NC NeoCube fi 5 mm kuleczki srebrne / N38 - neocube

Advantages as well as disadvantages of neodymium magnets.

In addition to their long-term stability, neodymium magnets provide the following advantages:

• They retain full power for around 10 years – the loss is just ~1% (based on simulations),
• They feature excellent resistance to magnetism drop when exposed to opposing magnetic fields,
• By using a reflective coating of silver, the element gains an nice look,
• Magnets have extremely high magnetic induction on the outer layer,
• These magnets tolerate elevated temperatures, often exceeding 230°C, when properly designed (in relation to build),
• Possibility of individual shaping as well as optimizing to concrete needs,
• Universal use in high-tech industry – they find application in data components, electromotive mechanisms, precision medical tools, also modern systems.
• Compactness – despite small sizes they generate large force, making them ideal for precision applications

Disadvantages of NdFeB magnets:

• At strong impacts they can crack, therefore we advise placing them in special holders. A metal housing provides additional protection against damage and increases the magnet's durability.
• When exposed to high temperature, neodymium magnets suffer a drop in power. Often, when the temperature exceeds 80°C, their strength decreases (depending on the size and shape of the magnet). For those who need magnets for extreme conditions, we offer [AH] versions withstanding up to 230°C
• When exposed to humidity, magnets start to rust. For applications outside, it is recommended to use protective magnets, such as magnets in rubber or plastics, which secure oxidation and corrosion.
• Limited ability of creating nuts in the magnet and complicated forms - recommended is casing - magnetic holder.
• Potential hazard related to microscopic parts of magnets pose a threat, in case of ingestion, which gains importance in the context of child health protection. It is also worth noting that small elements of these products are able to disrupt the diagnostic process medical when they are in the body.
• Higher cost of purchase is a significant factor to consider compared to ceramic magnets, especially in budget applications

Maximum lifting capacity of the magnet – what affects it?

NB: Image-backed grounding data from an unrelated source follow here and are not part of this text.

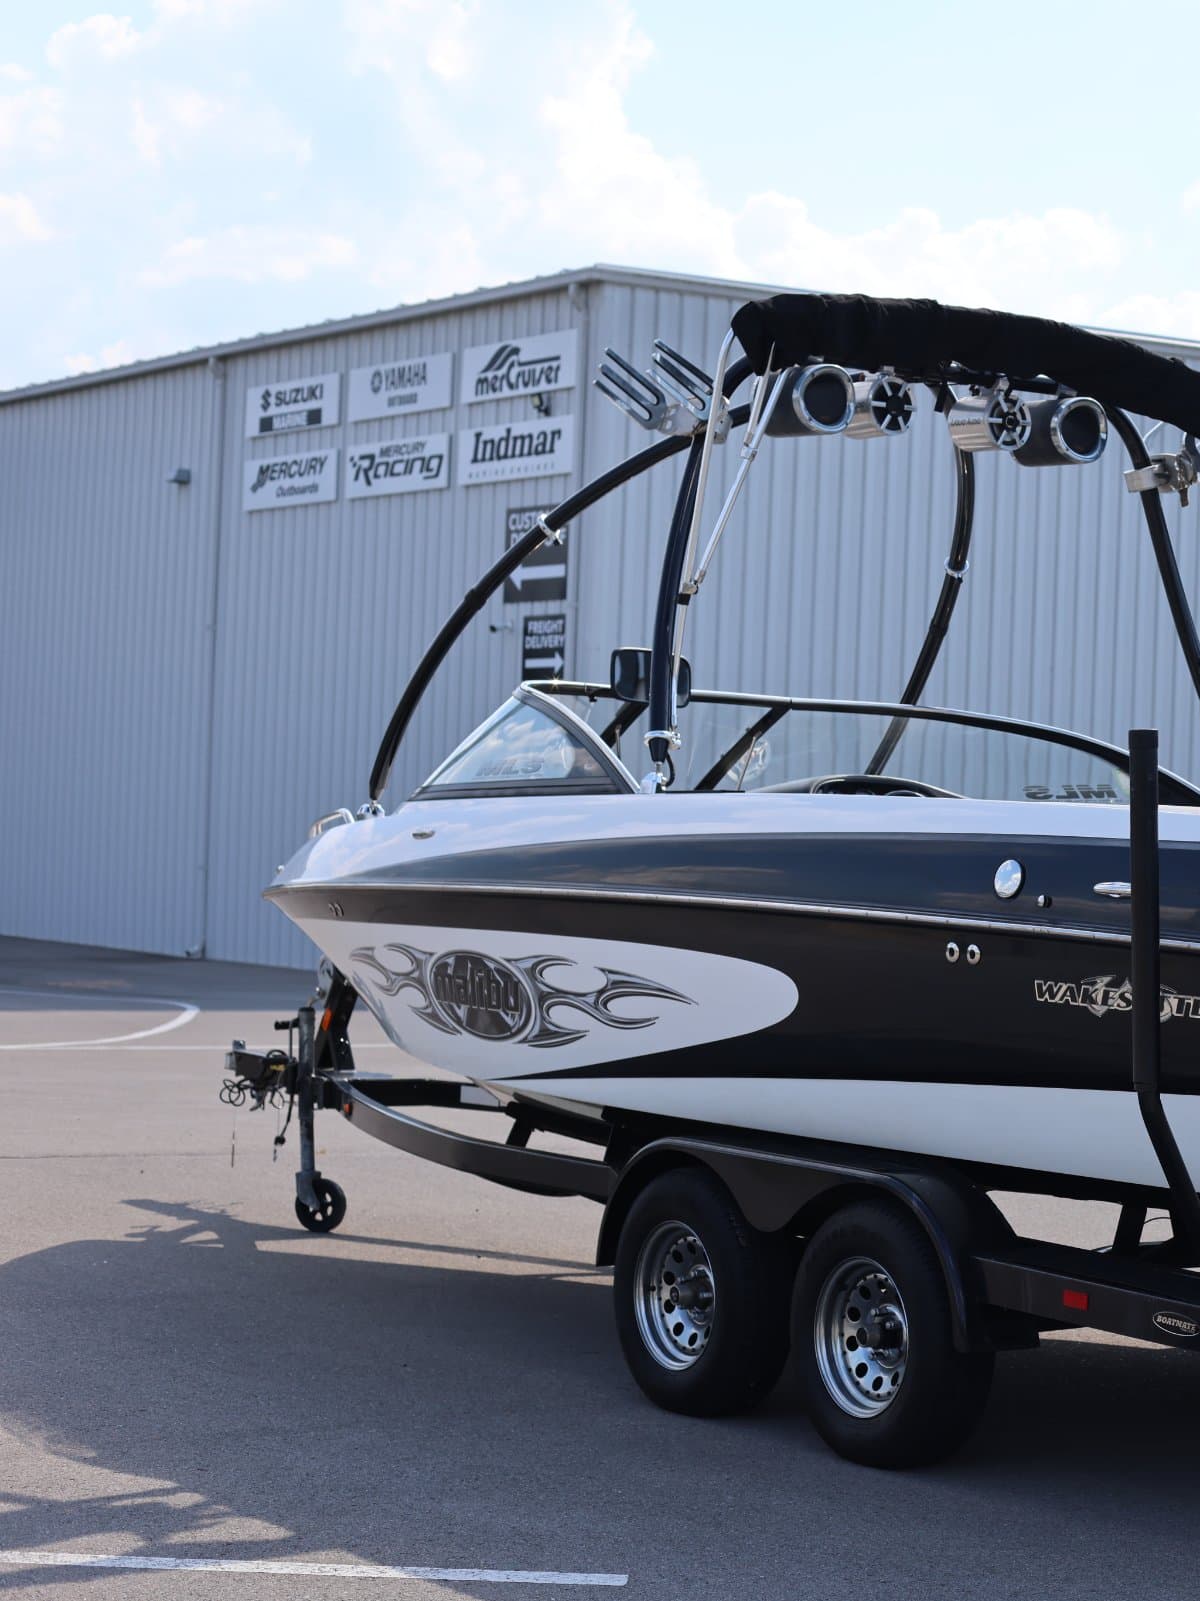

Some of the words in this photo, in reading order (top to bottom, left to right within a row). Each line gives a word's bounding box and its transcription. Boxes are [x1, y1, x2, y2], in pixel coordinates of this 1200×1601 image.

[384, 362, 428, 391] YAMAHA
[275, 383, 324, 407] SUZUKI
[379, 441, 427, 458] MERCURY
[470, 427, 562, 464] Indmar
[252, 455, 329, 493] MERCURY
[352, 453, 444, 487] Racing
[527, 619, 563, 634] FREIGHT
[525, 634, 564, 649] DELIVERY
[433, 958, 521, 1014] malibu
[1156, 1315, 1196, 1333] BOATMATE

The lifting capacity listed is a measurement result performed under standard conditions:

• using a plate made of low-carbon steel, acting as a magnetic yoke
• with a thickness minimum 10 mm
• characterized by lack of roughness
• with direct contact (no impurities)
• during detachment in a direction vertical to the mounting surface
• at conditions approx. 20°C

Key elements affecting lifting force

Effective lifting capacity impacted by specific conditions, such as (from most important):

• Gap between surfaces – even a fraction of a millimeter of separation (caused e.g. by veneer or unevenness) significantly weakens the magnet efficiency, often by half at just 0.5 mm.
• Angle of force application – highest force is reached only during pulling at a 90° angle. The force required to slide of the magnet along the plate is usually several times lower (approx. 1/5 of the lifting capacity).
• Plate thickness – insufficiently thick sheet causes magnetic saturation, causing part of the power to be lost to the other side.
• Material type – ideal substrate is high-permeability steel. Cast iron may generate lower lifting capacity.
• Base smoothness – the more even the plate, the better the adhesion and higher the lifting capacity. Unevenness acts like micro-gaps.
• Temperature influence – hot environment weakens magnetic field. Exceeding the limit temperature can permanently damage the magnet.

* Holding force was tested on the plate surface of 20 mm thickness, when a perpendicular force was applied, however under parallel forces the lifting capacity is smaller. Additionally, even a small distance {between} the magnet and the plate lowers the lifting capacity.